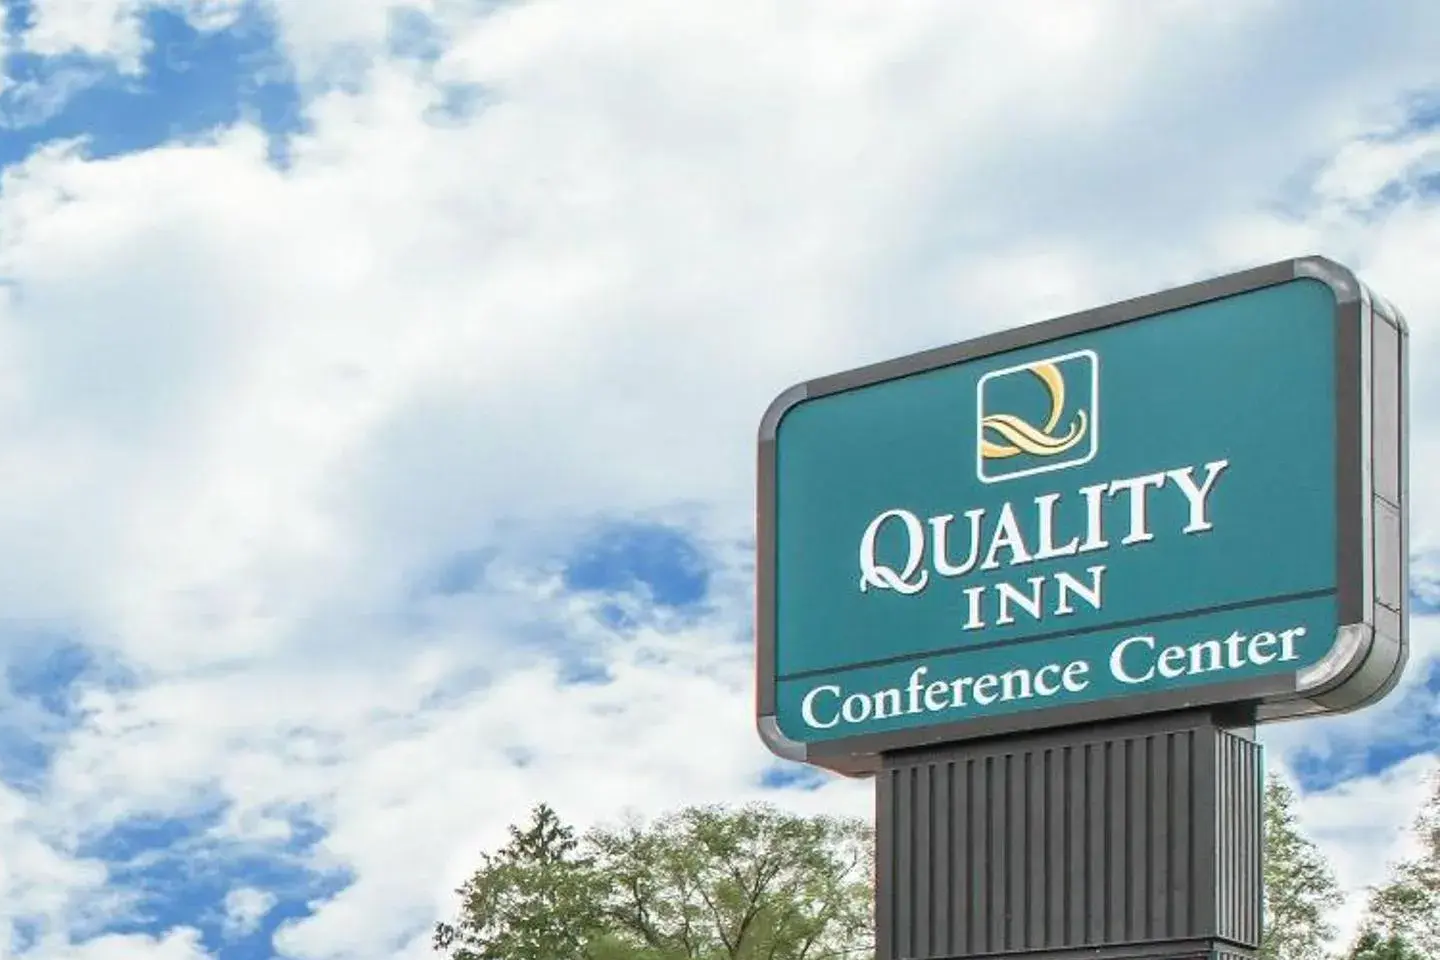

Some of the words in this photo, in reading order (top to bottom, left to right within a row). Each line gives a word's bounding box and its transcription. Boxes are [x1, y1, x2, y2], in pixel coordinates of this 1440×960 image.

[859, 459, 1228, 596] QUALITY
[962, 565, 1107, 631] INN
[801, 658, 1090, 730] Conference
[1109, 623, 1308, 686] Center
+++++
- **Requirement**: Transcribe the whole listing exactly as it stands, apart from the pictures.

- **Answer to this problem**:
Some of the words in this photo, in reading order (top to bottom, left to right within a row). Each line gives a word's bounding box and its transcription. Boxes are [x1, y1, x2, y2], in pixel coordinates of this 1440×960 image.

[859, 459, 1228, 596] QUALITY
[962, 565, 1107, 631] INN
[801, 658, 1090, 730] Conference
[1109, 623, 1308, 686] Center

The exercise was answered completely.